Text-to-region grounding data
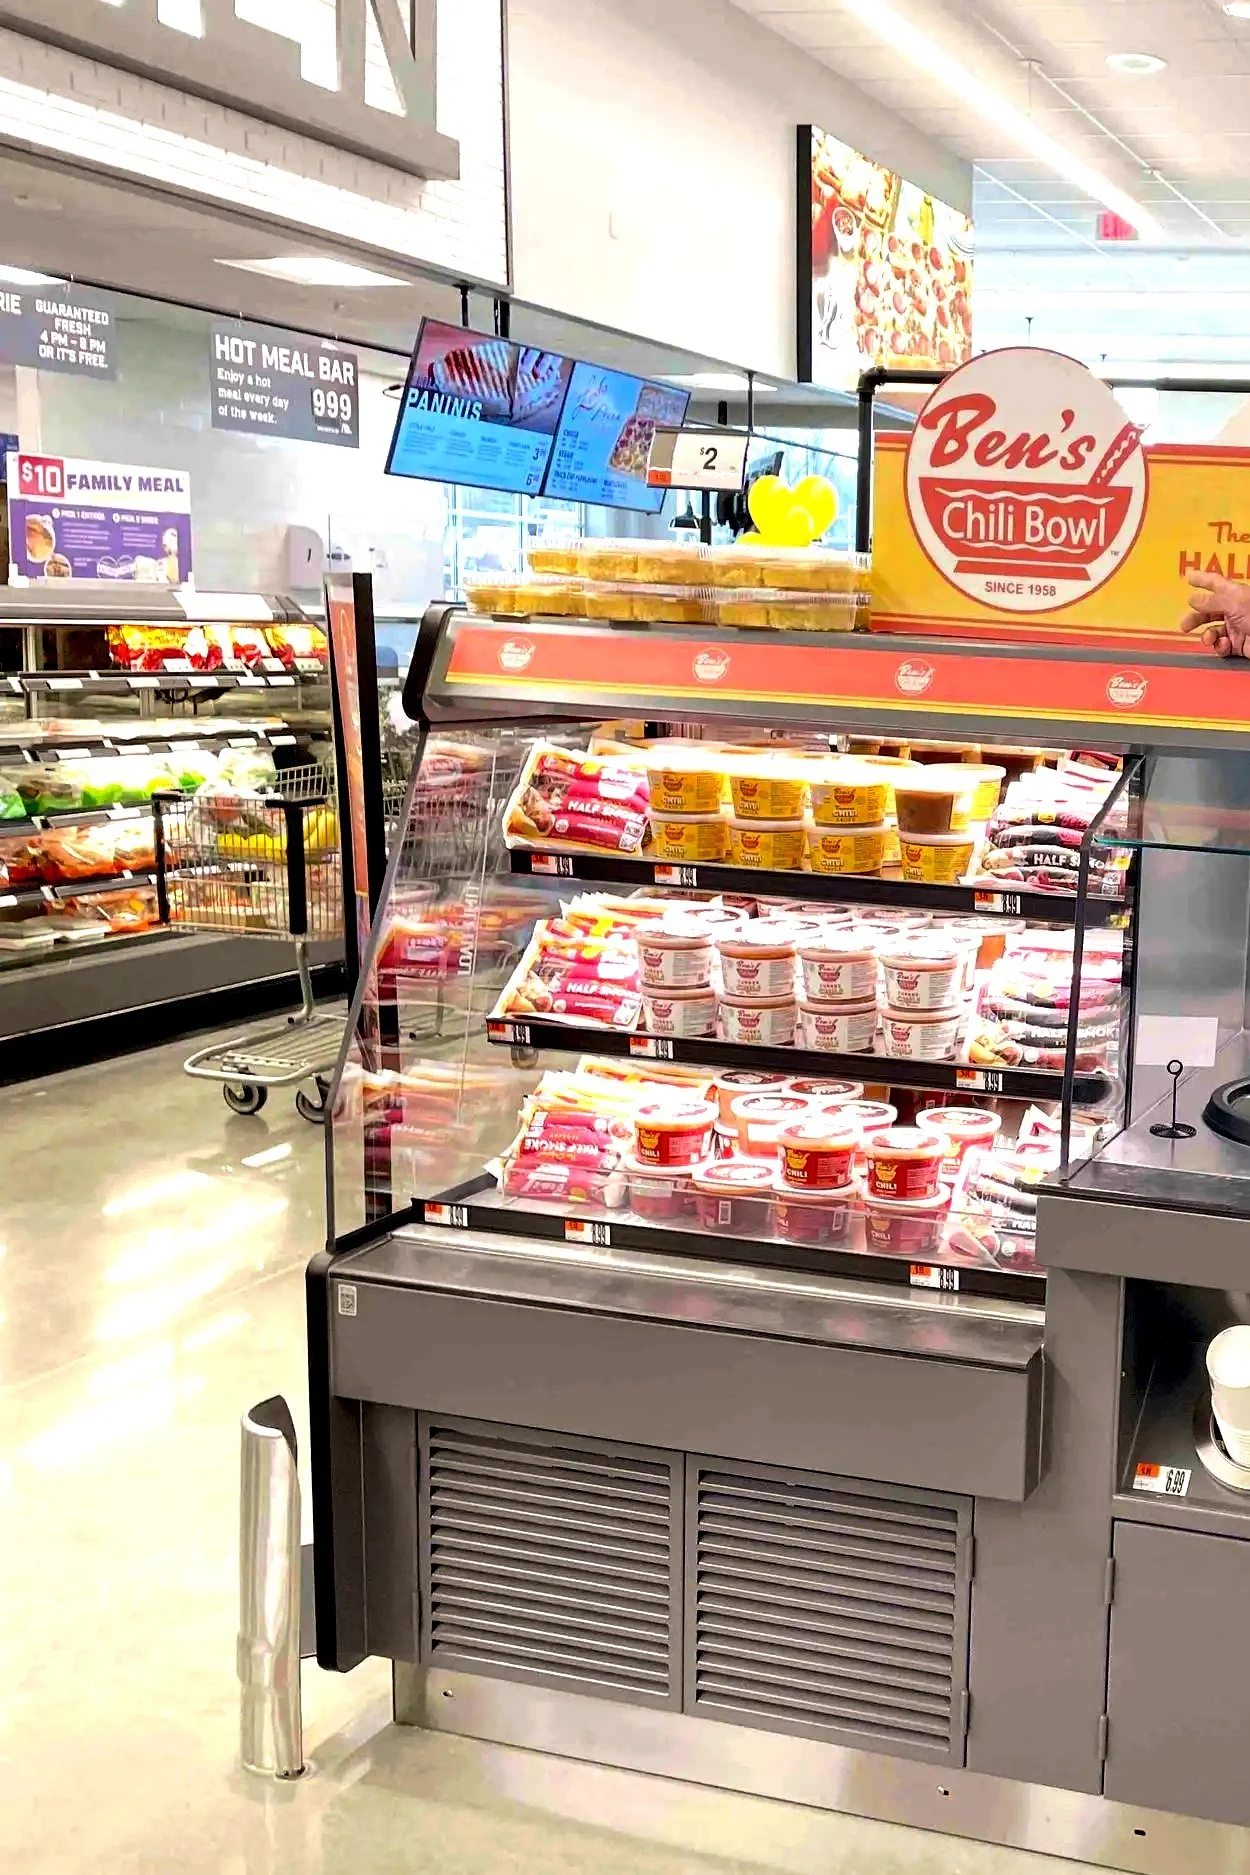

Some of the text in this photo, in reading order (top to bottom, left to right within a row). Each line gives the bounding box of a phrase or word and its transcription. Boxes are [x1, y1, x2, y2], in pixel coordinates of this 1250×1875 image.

[35, 299, 109, 325] GUARANTEED
[54, 317, 91, 336] FRESH
[40, 330, 48, 344] 4
[51, 331, 68, 347] PM
[89, 338, 106, 353] PM
[38, 344, 108, 369] OR IT'S FREE.
[215, 334, 355, 386] HOT MEAL BAR
[217, 368, 271, 388] Enjoy a hot
[218, 388, 289, 411] meal every day
[312, 388, 352, 421] 999
[406, 387, 483, 421] PANINIS
[218, 405, 228, 416] of
[231, 407, 246, 420] the
[920, 393, 1096, 470] Ben's
[700, 447, 718, 470] $2
[21, 461, 185, 493] $10 FAMILY MEAL
[942, 501, 1105, 546] Chili Bowl
[985, 581, 1057, 596] SINCE 1958
[567, 800, 599, 812] HALF
[1033, 853, 1067, 866] HALF
[786, 1170, 808, 1179] CHILI
[876, 1182, 897, 1190] CHILI

* [Exercise directions]:
Reproduce every line above exactly as written, omitting the images.

* [Solution to this task]:
Some of the text in this photo, in reading order (top to bottom, left to right within a row). Each line gives the bounding box of a phrase or word and its transcription. Boxes are [x1, y1, x2, y2], in pixel coordinates of this 1250×1875 image.

[35, 299, 109, 325] GUARANTEED
[54, 317, 91, 336] FRESH
[40, 330, 48, 344] 4
[51, 331, 68, 347] PM
[89, 338, 106, 353] PM
[38, 344, 108, 369] OR IT'S FREE.
[215, 334, 355, 386] HOT MEAL BAR
[217, 368, 271, 388] Enjoy a hot
[218, 388, 289, 411] meal every day
[312, 388, 352, 421] 999
[406, 387, 483, 421] PANINIS
[218, 405, 228, 416] of
[231, 407, 246, 420] the
[920, 393, 1096, 470] Ben's
[700, 447, 718, 470] $2
[21, 461, 185, 493] $10 FAMILY MEAL
[942, 501, 1105, 546] Chili Bowl
[985, 581, 1057, 596] SINCE 1958
[567, 800, 599, 812] HALF
[1033, 853, 1067, 866] HALF
[786, 1170, 808, 1179] CHILI
[876, 1182, 897, 1190] CHILI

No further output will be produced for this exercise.